INSTRUCTIONS TO FOLLOW
Your output should be the records below, word for word and picture-free.

MATERIALS PROVIDED: Begin

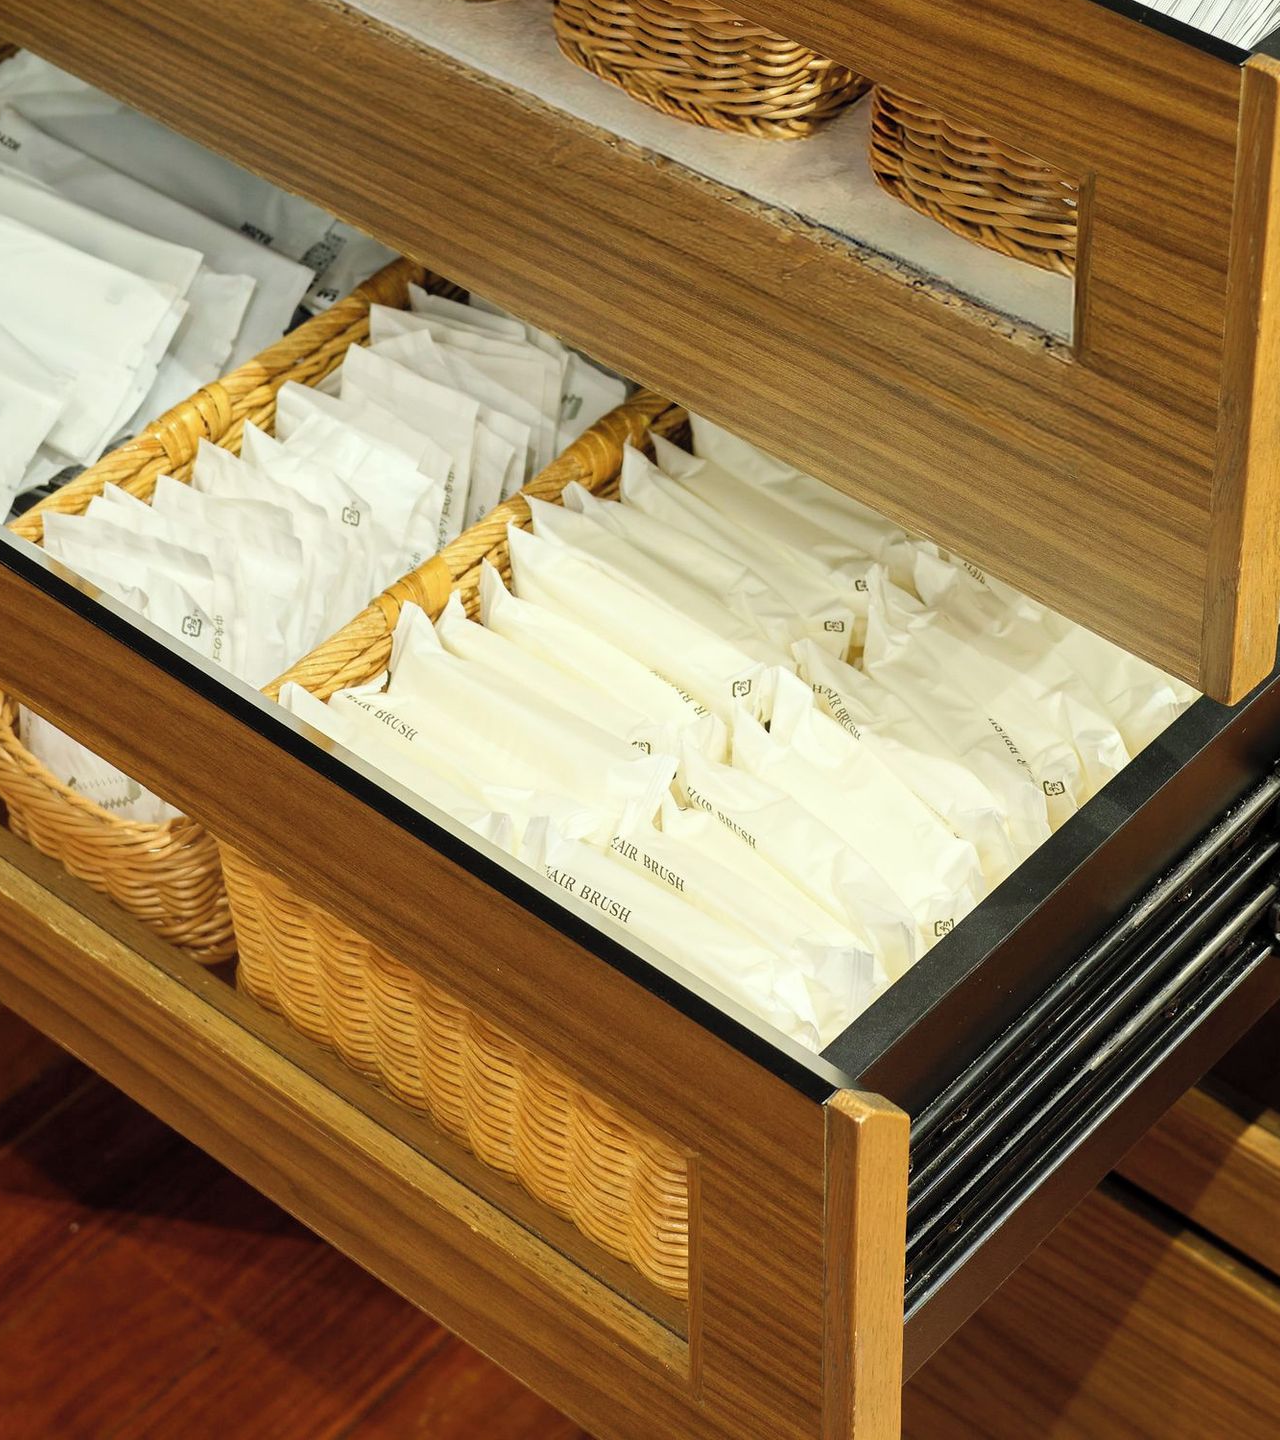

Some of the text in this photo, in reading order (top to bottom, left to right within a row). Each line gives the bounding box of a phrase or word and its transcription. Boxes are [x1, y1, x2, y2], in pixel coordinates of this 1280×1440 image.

[373, 709, 419, 741] BRUSH
[643, 854, 686, 893] BRUSH
[579, 884, 633, 923] BRUSH
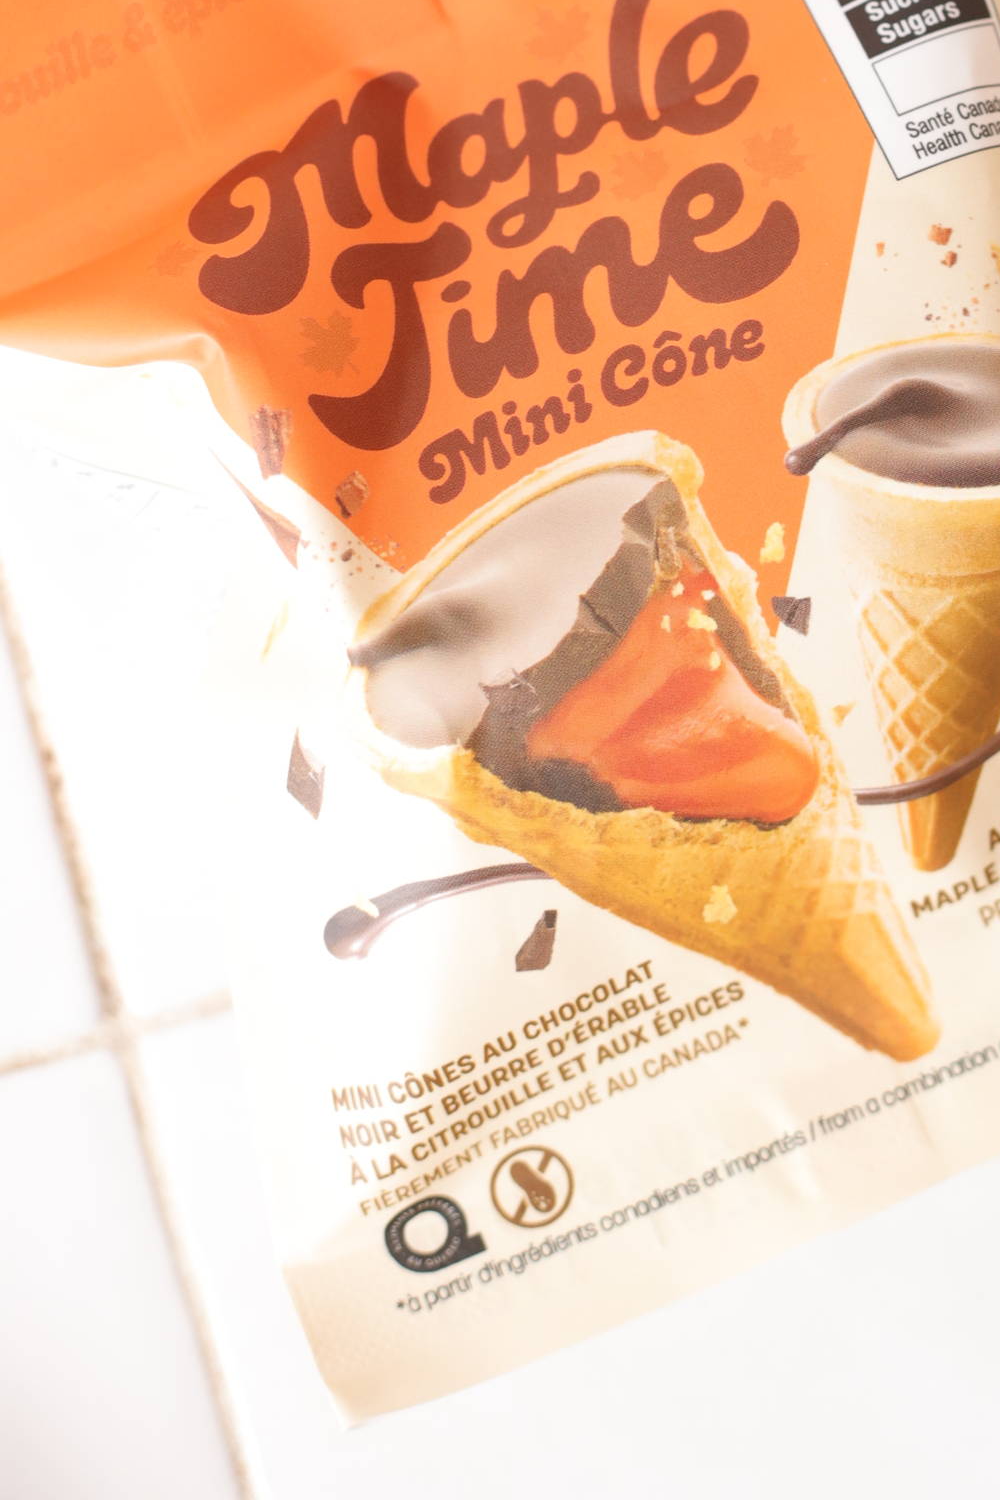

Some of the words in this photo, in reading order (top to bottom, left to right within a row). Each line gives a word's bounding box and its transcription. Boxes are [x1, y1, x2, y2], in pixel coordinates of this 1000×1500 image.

[122, 2, 157, 52] &
[876, 0, 960, 45] Sugars
[905, 108, 955, 139] Santé
[912, 129, 967, 160] Health
[307, 162, 800, 451] Time
[418, 368, 593, 505] Mini
[600, 319, 766, 407] Cône
[911, 863, 1000, 918] MAPLE
[331, 1084, 383, 1112] MINI
[387, 1055, 476, 1104] CÔNES
[482, 1031, 517, 1063] AU
[523, 960, 654, 1040] CHOCOLAT
[350, 1155, 368, 1186] À
[371, 1154, 407, 1180] LA
[411, 1072, 554, 1162] CITROUILLE
[558, 1053, 587, 1082] ET
[597, 1026, 650, 1065] AUX
[653, 981, 745, 1037] ÉPICES
[339, 1119, 400, 1149] NOIR
[404, 1105, 435, 1134] ET
[441, 1049, 542, 1116] BEURRE
[359, 1143, 483, 1216] FIÈREMENT
[489, 1083, 601, 1149] FABRIQUÉ
[608, 1068, 638, 1096] AU
[424, 1273, 474, 1310] partir
[600, 1176, 701, 1231] canadiens
[702, 1165, 723, 1188] et
[725, 1127, 805, 1177] importés
[818, 1104, 866, 1137] from
[866, 1097, 882, 1115] a
[882, 1043, 999, 1108] combination

MATERIALS PROVIDED: End

RESPONSE TO THE TASK
Some of the text in this photo, in reading order (top to bottom, left to right within a row). Each line gives the bounding box of a phrase or word and its transcription. Boxes are [x1, y1, x2, y2], in pixel coordinates of this 1280×1440 image.

[373, 709, 419, 741] BRUSH
[643, 854, 686, 893] BRUSH
[579, 884, 633, 923] BRUSH

Some of the words in this photo, in reading order (top to bottom, left to right within a row). Each line gives a word's bounding box and its transcription. Boxes are [x1, y1, x2, y2], in pixel coordinates of this 1000×1500 image.

[122, 2, 157, 52] &
[876, 0, 960, 45] Sugars
[905, 108, 955, 139] Santé
[912, 129, 967, 160] Health
[307, 162, 800, 451] Time
[418, 368, 593, 505] Mini
[600, 319, 766, 407] Cône
[911, 863, 1000, 918] MAPLE
[331, 1084, 383, 1112] MINI
[387, 1055, 476, 1104] CÔNES
[482, 1031, 517, 1063] AU
[523, 960, 654, 1040] CHOCOLAT
[350, 1155, 368, 1186] À
[371, 1154, 407, 1180] LA
[411, 1072, 554, 1162] CITROUILLE
[558, 1053, 587, 1082] ET
[597, 1026, 650, 1065] AUX
[653, 981, 745, 1037] ÉPICES
[339, 1119, 400, 1149] NOIR
[404, 1105, 435, 1134] ET
[441, 1049, 542, 1116] BEURRE
[359, 1143, 483, 1216] FIÈREMENT
[489, 1083, 601, 1149] FABRIQUÉ
[608, 1068, 638, 1096] AU
[424, 1273, 474, 1310] partir
[600, 1176, 701, 1231] canadiens
[702, 1165, 723, 1188] et
[725, 1127, 805, 1177] importés
[818, 1104, 866, 1137] from
[866, 1097, 882, 1115] a
[882, 1043, 999, 1108] combination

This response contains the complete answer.